Woman arrested at Sarah Everard vigil threatens to sue Met Police

Patsy Stevenson Credit: PA Archive/PA Images

A woman who was arrested at a vigil for Sarah Everard is threatening to sue the Metropolitan Police over her treatment.

Images of Patsy Stevenson being handcuffed and held down by two male officers at the Clapham Common vigil in March 2021 sparked anger at Scotland Yard’s policing of the gathering.

The 29-year-old is seeking an apology, an admission of liability from the Met that her human rights were breached, damages for false imprisonment and assault during her arrest and for the £200 fixed penalty notice she paid to be withdrawn.

Lawyers for Ms Stevenson have sent a pre-action letter of claim to the force, threatening legal action over its policing of the vigil and its conduct towards her.

She has launched a CrowdJustice page to raise £10,000 for her legal fees and any costs “if the police continue to defend the claim”.

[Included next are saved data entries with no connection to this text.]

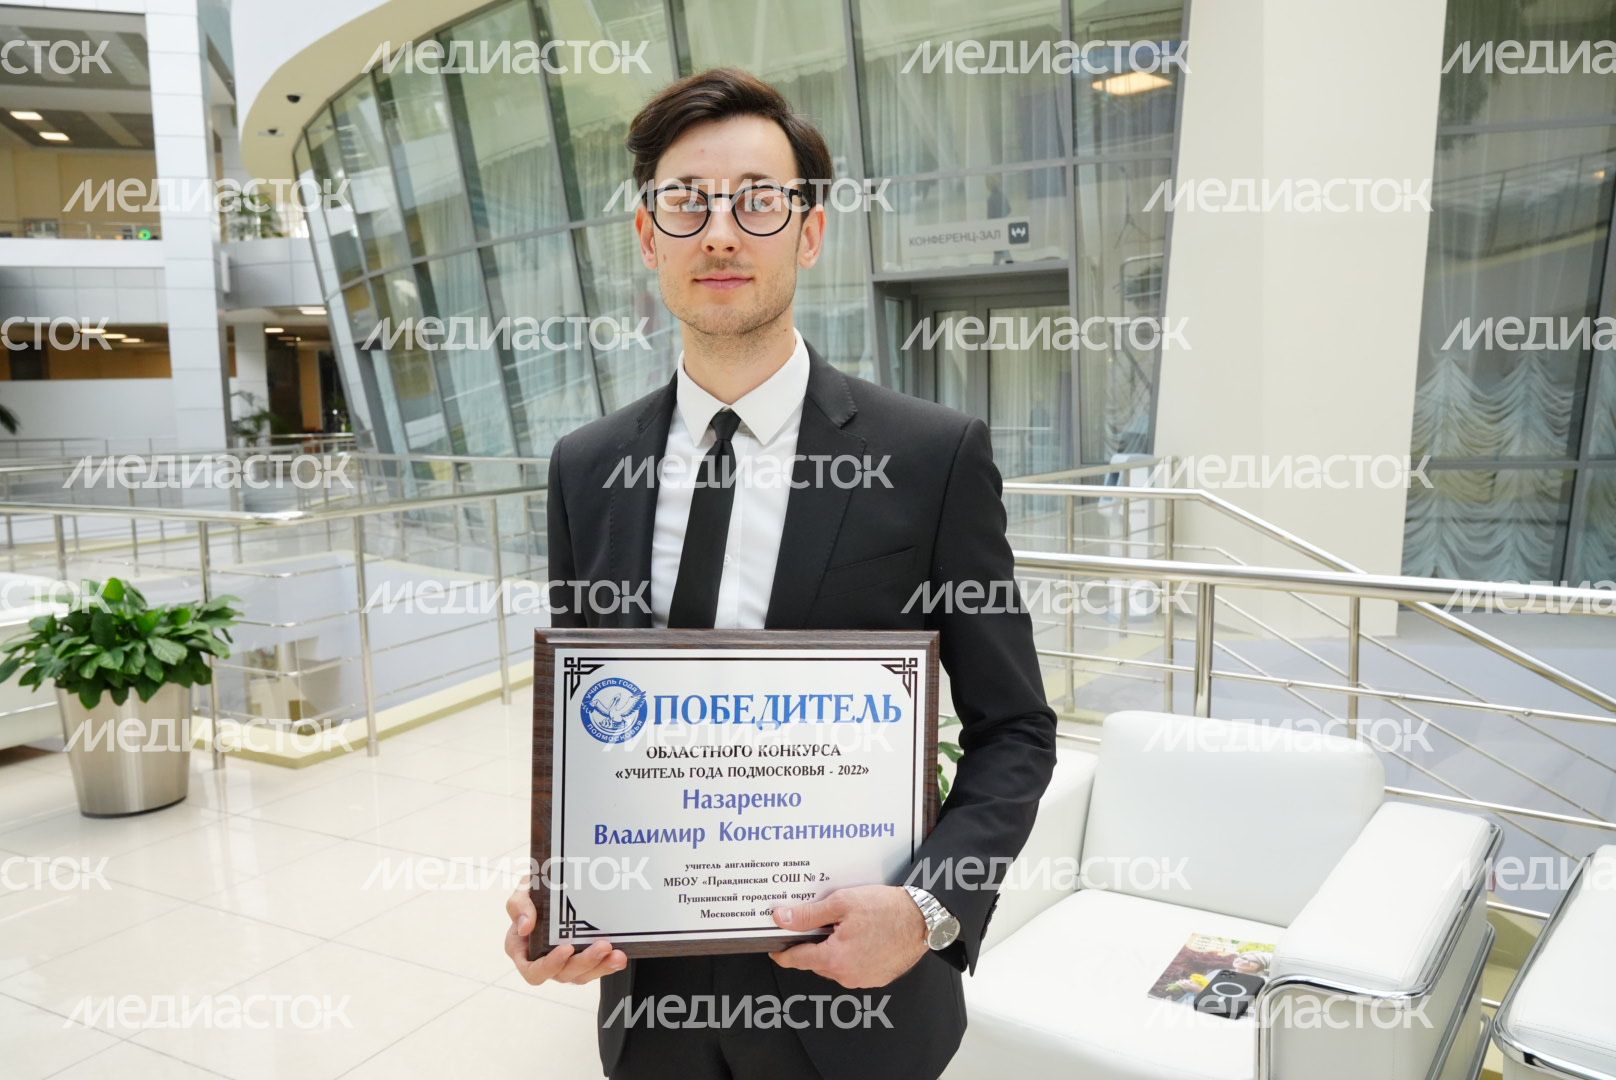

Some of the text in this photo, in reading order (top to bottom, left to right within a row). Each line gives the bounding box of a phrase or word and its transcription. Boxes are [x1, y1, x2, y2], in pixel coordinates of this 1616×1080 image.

[908, 229, 1001, 247] КОНФЕРЕНЦ-ЗАЛ
[585, 679, 617, 700] УЧИТЕЛЬ
[653, 692, 902, 731] ПОБЕДИТЕЛЬ
[587, 720, 643, 742] ПОДМОСКОВЬЯ
[646, 743, 841, 760] ОБЛАСТНОГО КОНКУРСА
[615, 767, 685, 780] «УЧИТЕЛЬ
[689, 766, 723, 779] ГОДА
[727, 765, 825, 779] ПОДМОСКОВЬЯ
[838, 764, 869, 776] 2022»
[683, 788, 802, 815] Назаренко
[594, 821, 895, 849] Владимир Константинович
[685, 860, 810, 872] учитель английского языка
[664, 872, 830, 888] МБОУ «Правдинская СОШ № 2»
[678, 891, 816, 905] Пушкинский городской округ
[700, 907, 756, 919] Московской
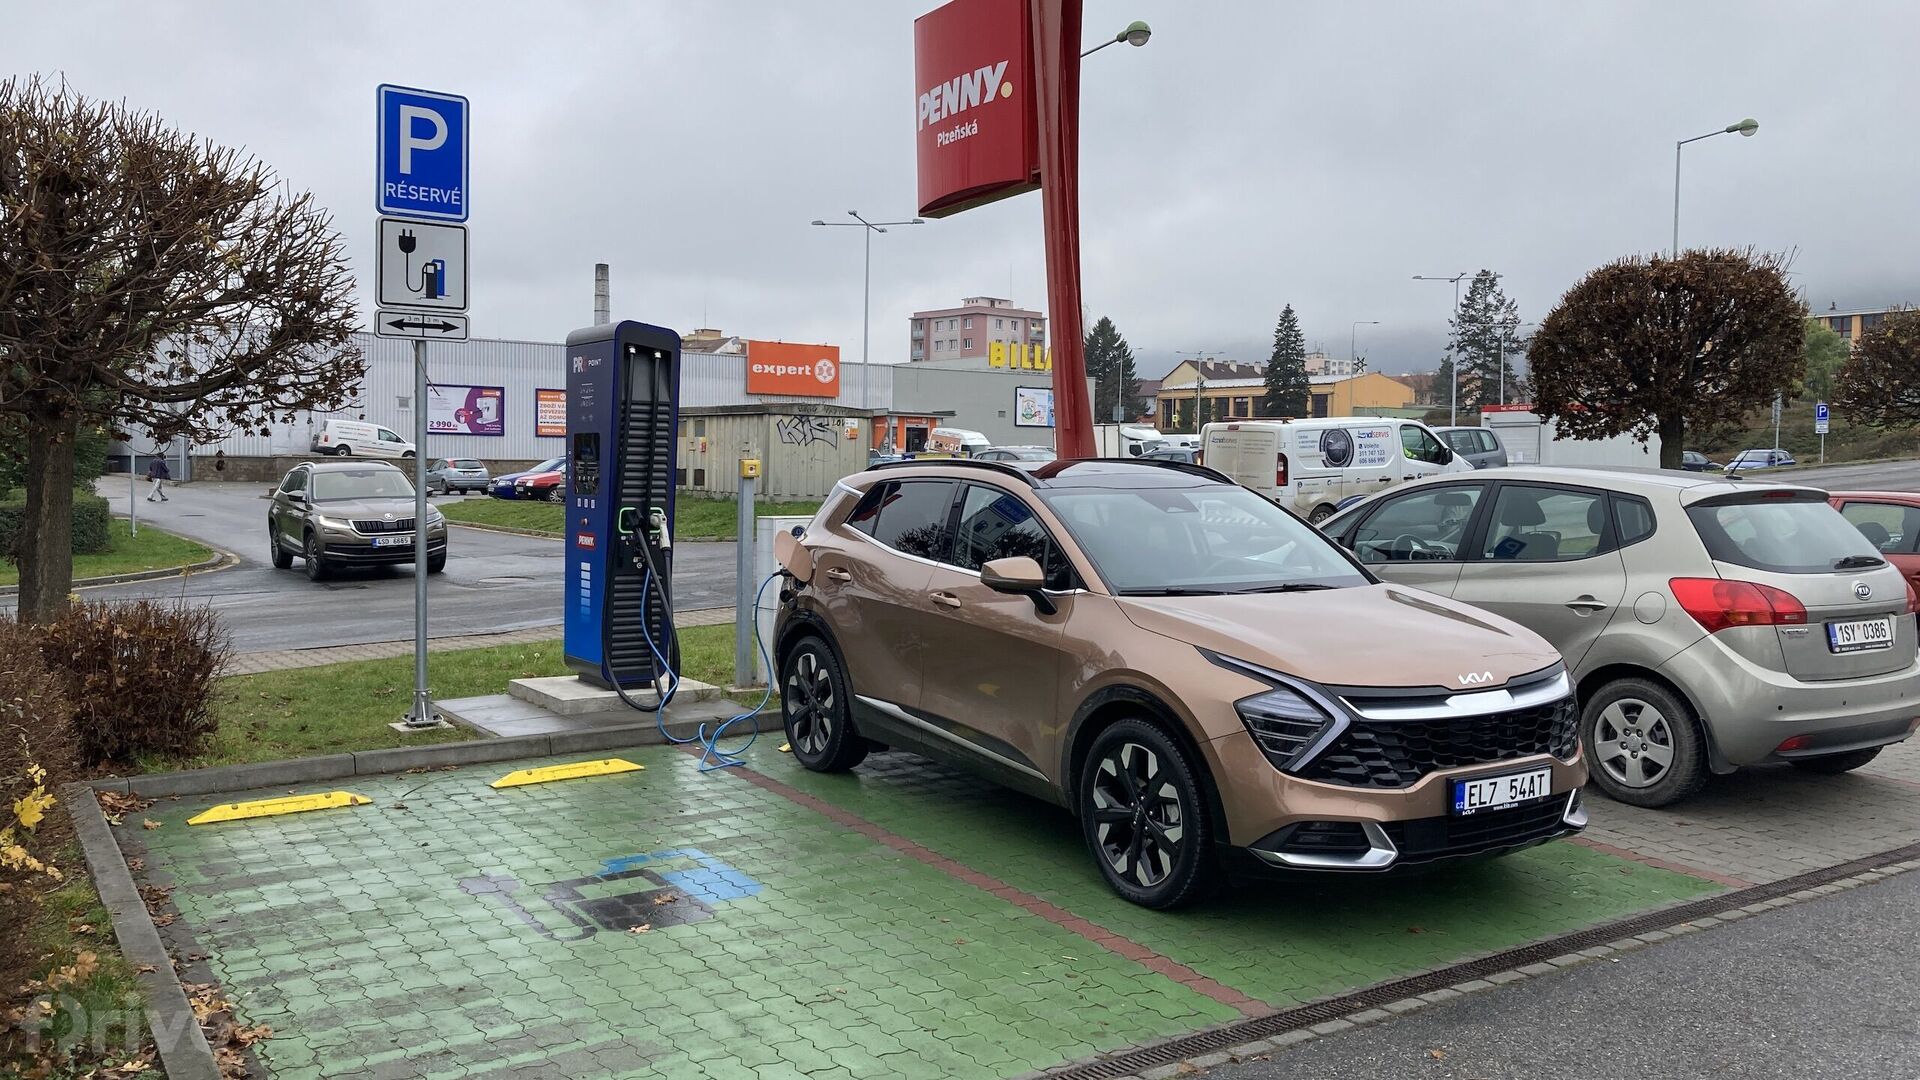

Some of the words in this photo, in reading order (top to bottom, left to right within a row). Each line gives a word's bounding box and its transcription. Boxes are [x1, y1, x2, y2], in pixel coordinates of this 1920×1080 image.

What happened at the vigil?

Hundreds attended the vigil to pay their respects to 33-year-old Ms Everard, who was raped and murdered by serving Met Police officer Wayne Couzens, who used his powers as an officer to kidnap her in the street as she walked home earlier that month.

The event had originally been organised by Reclaim These Streets, who cancelled it after the Met said it should not go ahead.

No definitive answer on the matter was provided by the High Court.

Throughout the day mourners, including the Duchess of Cambridge, turned up to lay flowers and pay their respects.

Officers did not intervene for the first six hours but by the evening, police began asking people to leave and many of those who refused were arrested, with images of people being bundled to the ground and handcuffed.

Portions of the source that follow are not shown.